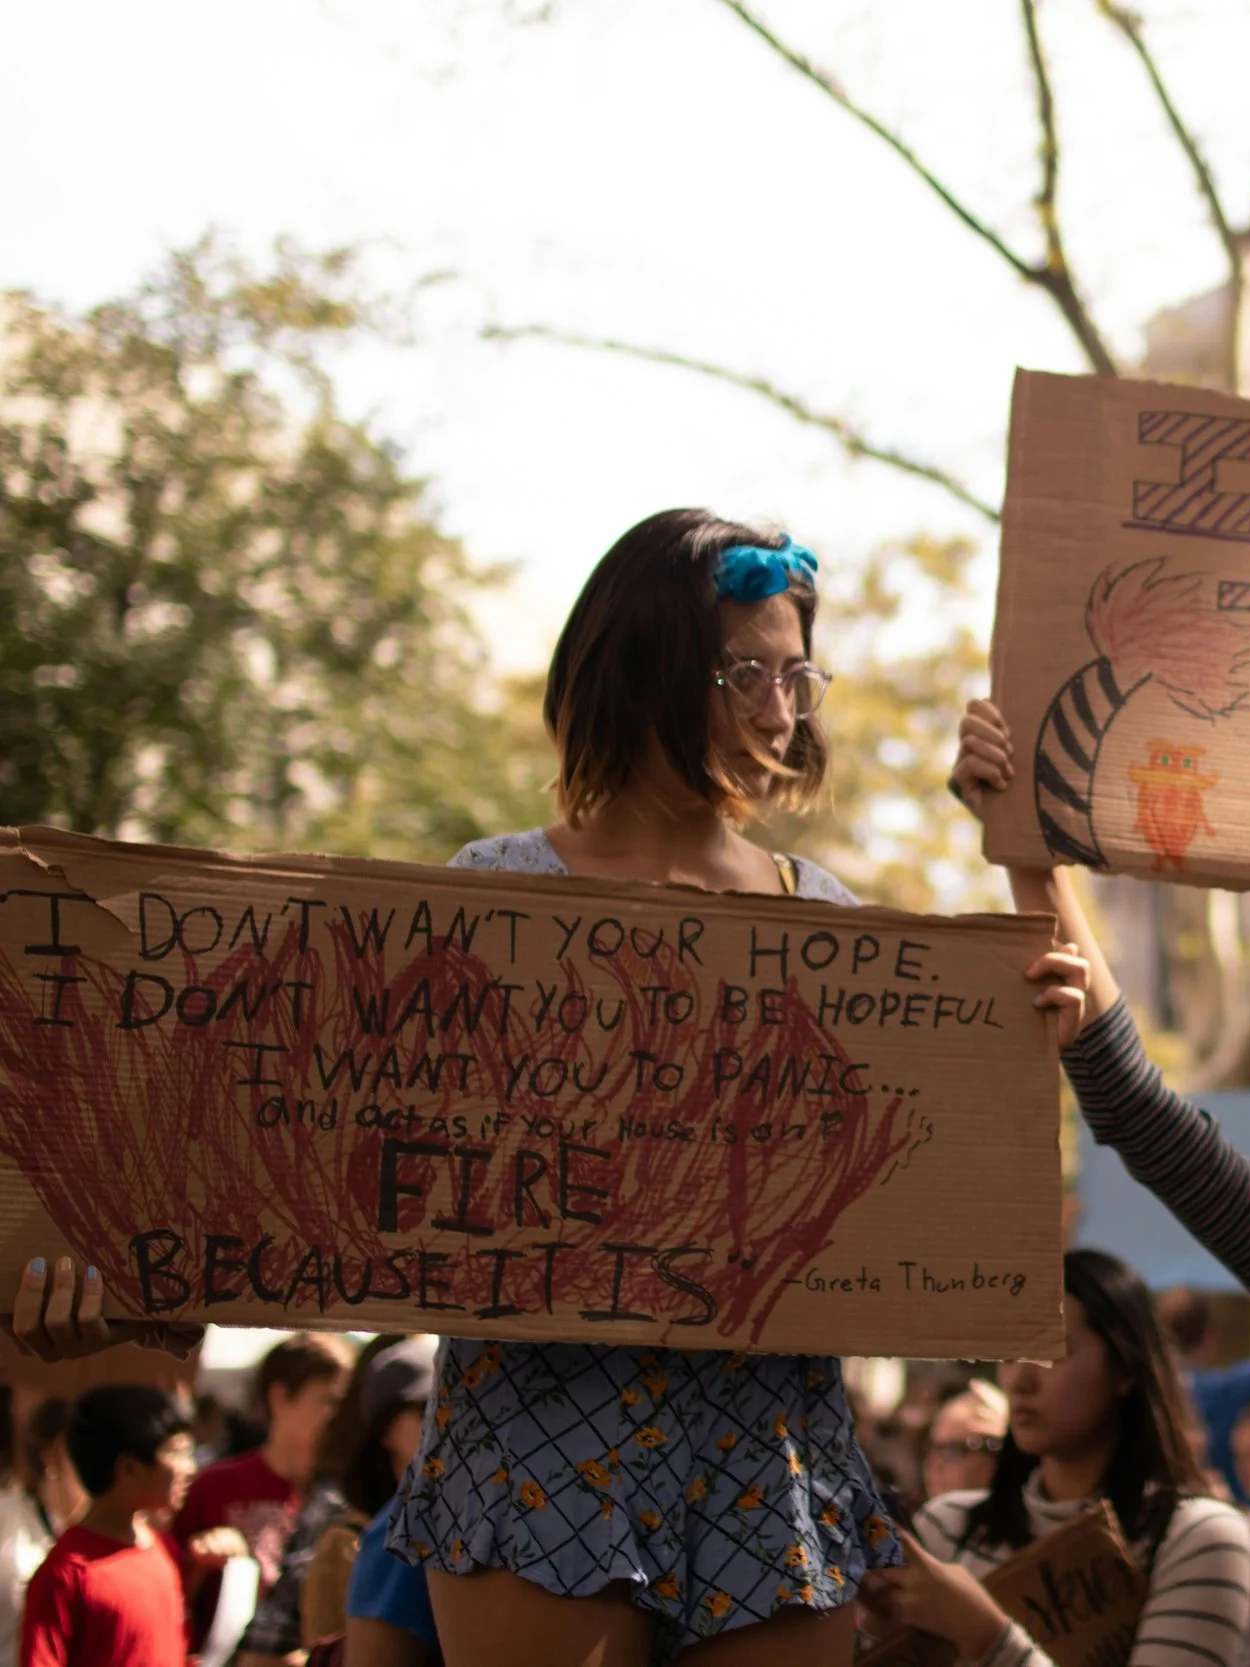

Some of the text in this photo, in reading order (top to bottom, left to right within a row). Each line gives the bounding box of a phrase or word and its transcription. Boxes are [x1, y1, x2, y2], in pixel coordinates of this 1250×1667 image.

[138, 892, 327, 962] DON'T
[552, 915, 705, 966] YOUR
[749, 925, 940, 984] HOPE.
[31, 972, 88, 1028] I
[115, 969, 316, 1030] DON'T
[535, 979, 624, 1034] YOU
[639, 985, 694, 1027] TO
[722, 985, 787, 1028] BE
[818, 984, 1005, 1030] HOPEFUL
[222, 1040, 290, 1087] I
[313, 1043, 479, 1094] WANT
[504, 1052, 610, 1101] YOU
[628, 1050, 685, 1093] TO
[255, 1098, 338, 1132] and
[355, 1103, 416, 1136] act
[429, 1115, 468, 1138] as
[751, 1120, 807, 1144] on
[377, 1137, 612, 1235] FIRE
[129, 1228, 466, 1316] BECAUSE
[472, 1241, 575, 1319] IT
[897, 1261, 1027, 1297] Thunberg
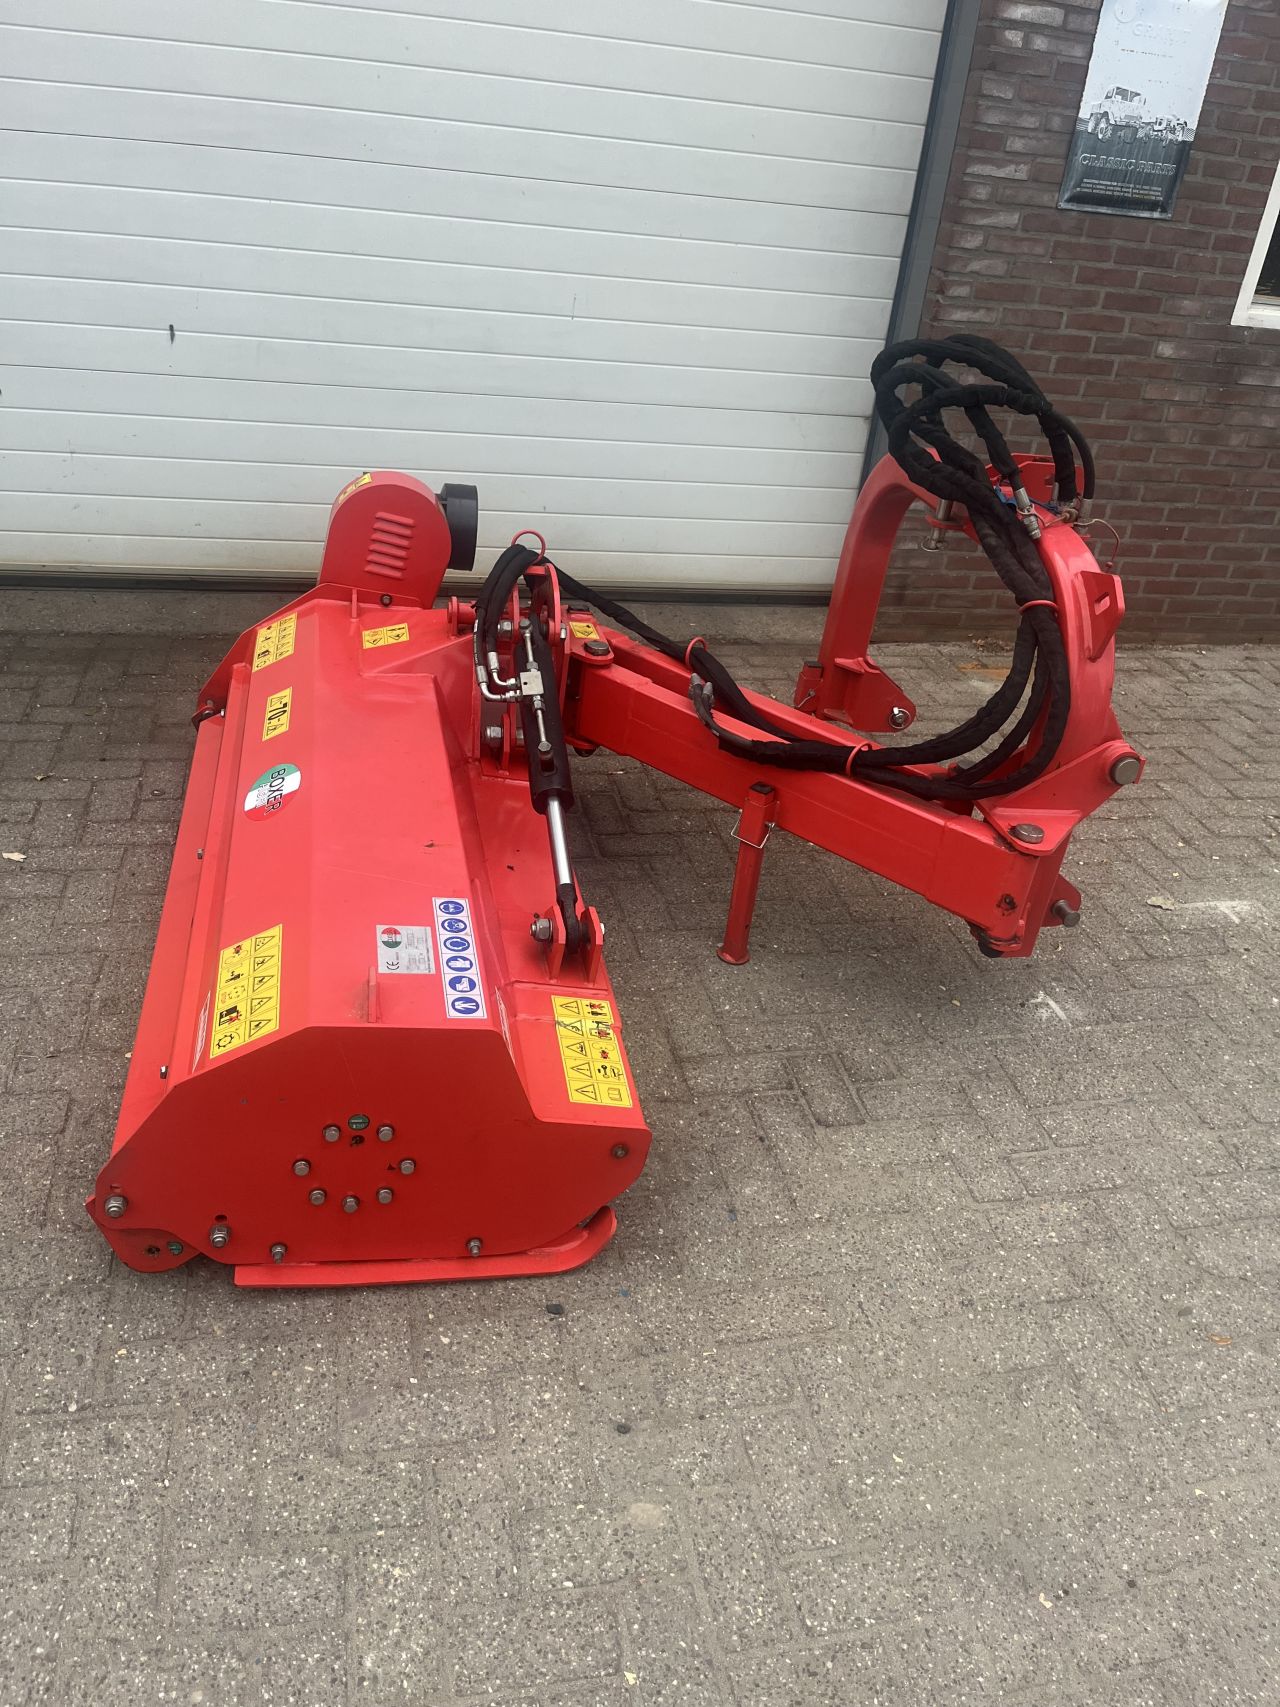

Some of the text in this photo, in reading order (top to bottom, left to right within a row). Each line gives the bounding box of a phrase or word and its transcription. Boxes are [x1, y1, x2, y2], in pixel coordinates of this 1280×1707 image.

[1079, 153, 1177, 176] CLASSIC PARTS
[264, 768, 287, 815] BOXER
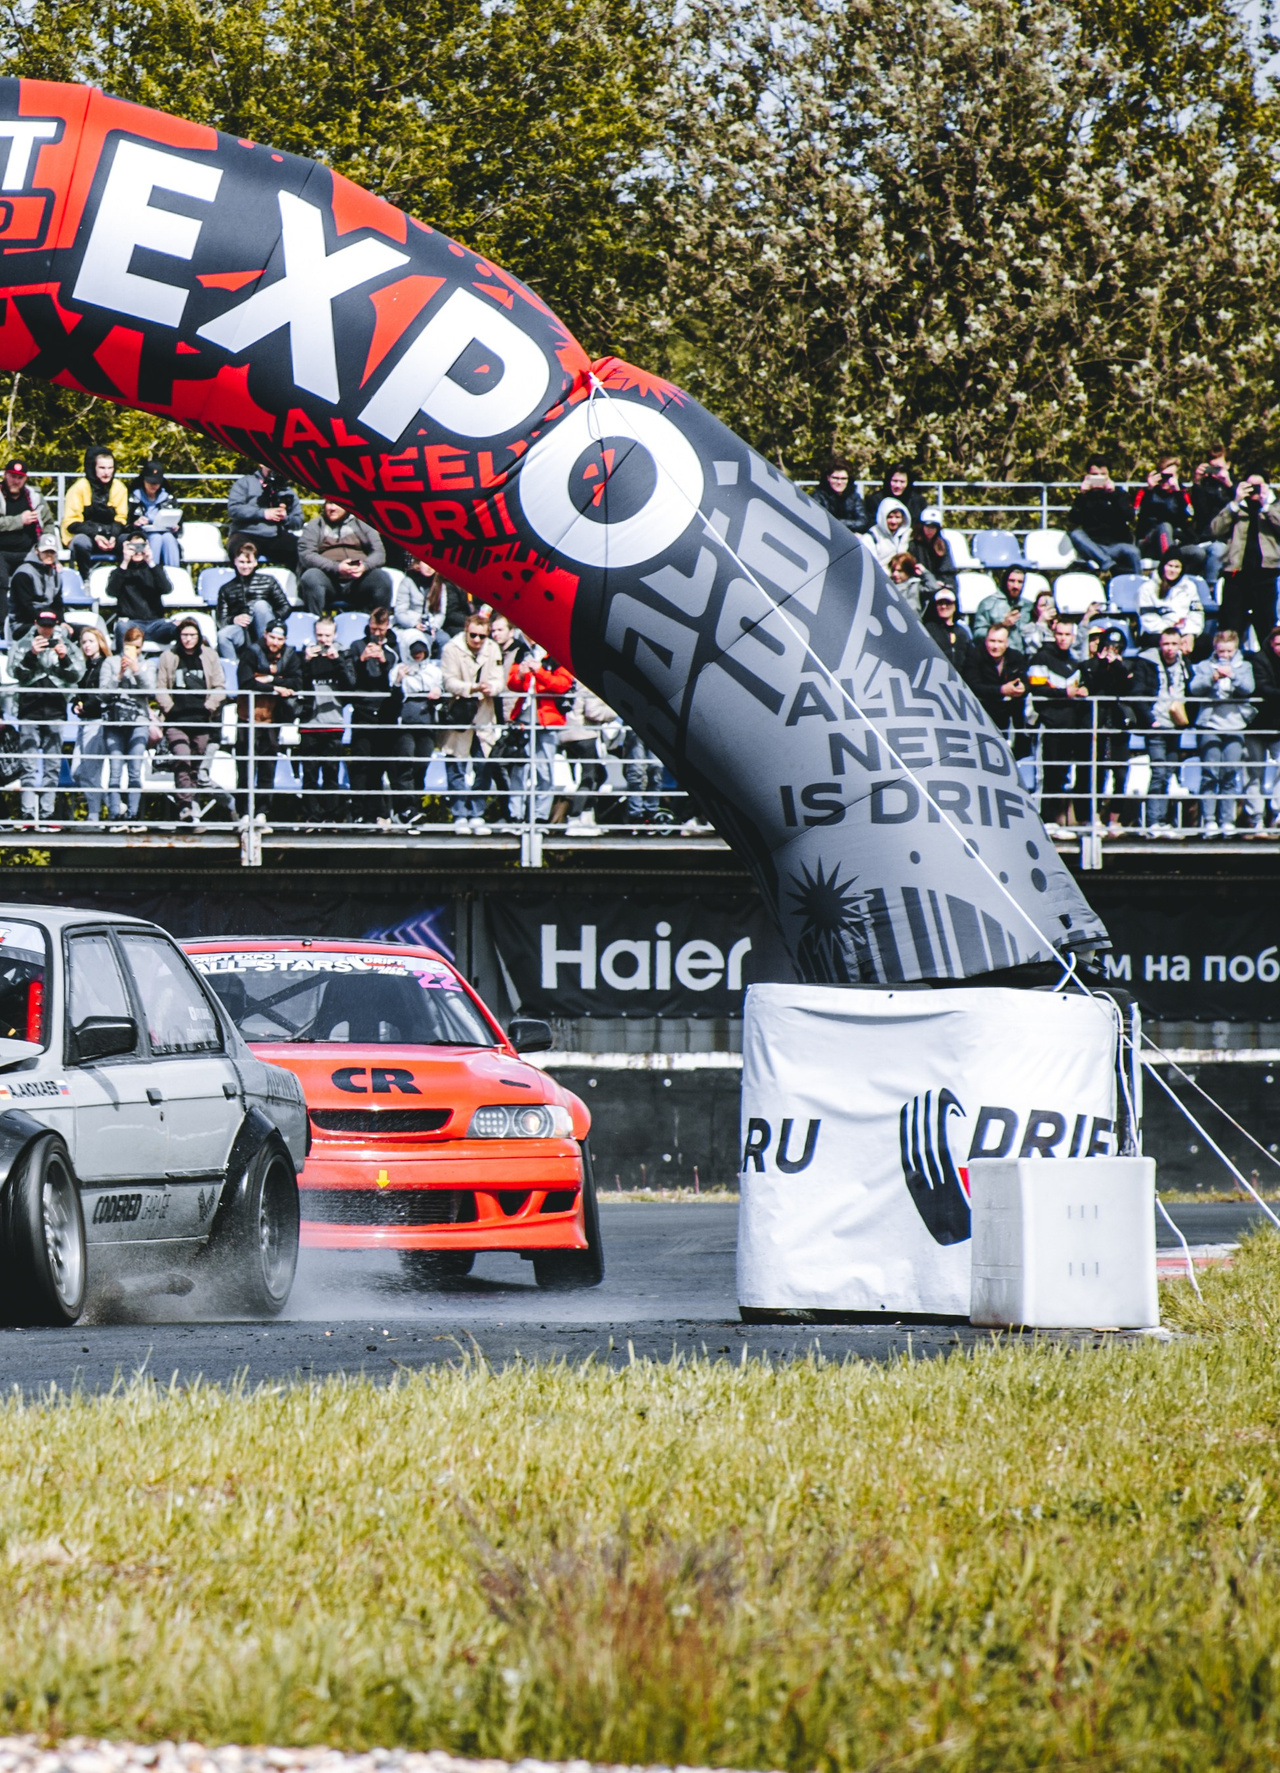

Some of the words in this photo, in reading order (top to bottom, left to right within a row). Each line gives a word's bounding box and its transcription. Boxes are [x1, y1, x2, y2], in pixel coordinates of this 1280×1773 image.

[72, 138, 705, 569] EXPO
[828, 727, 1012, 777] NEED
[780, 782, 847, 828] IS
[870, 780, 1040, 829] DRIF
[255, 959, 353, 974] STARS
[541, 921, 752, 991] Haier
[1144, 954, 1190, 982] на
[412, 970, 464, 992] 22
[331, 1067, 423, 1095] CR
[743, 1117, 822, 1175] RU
- - -
• [ABOUT THIS TASK]: Every entry should be repeated verbatim, with the pictures left out.

• [COMPLETED TASK]:
Some of the text in this photo, in reading order (top to bottom, left to right within a row). Each line gives the bounding box of a phrase or word and its transcription. Boxes are [x1, y1, x2, y2], in pixel coordinates of this 1250×1667 image.

[138, 892, 327, 962] DON'T
[552, 915, 705, 966] YOUR
[749, 925, 940, 984] HOPE.
[31, 972, 88, 1028] I
[115, 969, 316, 1030] DON'T
[535, 979, 624, 1034] YOU
[639, 985, 694, 1027] TO
[722, 985, 787, 1028] BE
[818, 984, 1005, 1030] HOPEFUL
[222, 1040, 290, 1087] I
[313, 1043, 479, 1094] WANT
[504, 1052, 610, 1101] YOU
[628, 1050, 685, 1093] TO
[255, 1098, 338, 1132] and
[355, 1103, 416, 1136] act
[429, 1115, 468, 1138] as
[751, 1120, 807, 1144] on
[377, 1137, 612, 1235] FIRE
[129, 1228, 466, 1316] BECAUSE
[472, 1241, 575, 1319] IT
[897, 1261, 1027, 1297] Thunberg

Some of the text in this photo, in reading order (top to bottom, left to right within a row). Each line gives the bounding box of a phrase or word and its transcription. Boxes are [x1, y1, x2, y2], in pixel coordinates of this 1280×1707 image.

[1079, 153, 1177, 176] CLASSIC PARTS
[264, 768, 287, 815] BOXER

Some of the words in this photo, in reading order (top to bottom, left to right within a row). Each line gives a word's bounding box and its transcription. Boxes are [x1, y1, x2, y2], in pixel coordinates of this 1280×1773 image.

[72, 138, 705, 569] EXPO
[828, 727, 1012, 777] NEED
[780, 782, 847, 828] IS
[870, 780, 1040, 829] DRIF
[255, 959, 353, 974] STARS
[541, 921, 752, 991] Haier
[1144, 954, 1190, 982] на
[412, 970, 464, 992] 22
[331, 1067, 423, 1095] CR
[743, 1117, 822, 1175] RU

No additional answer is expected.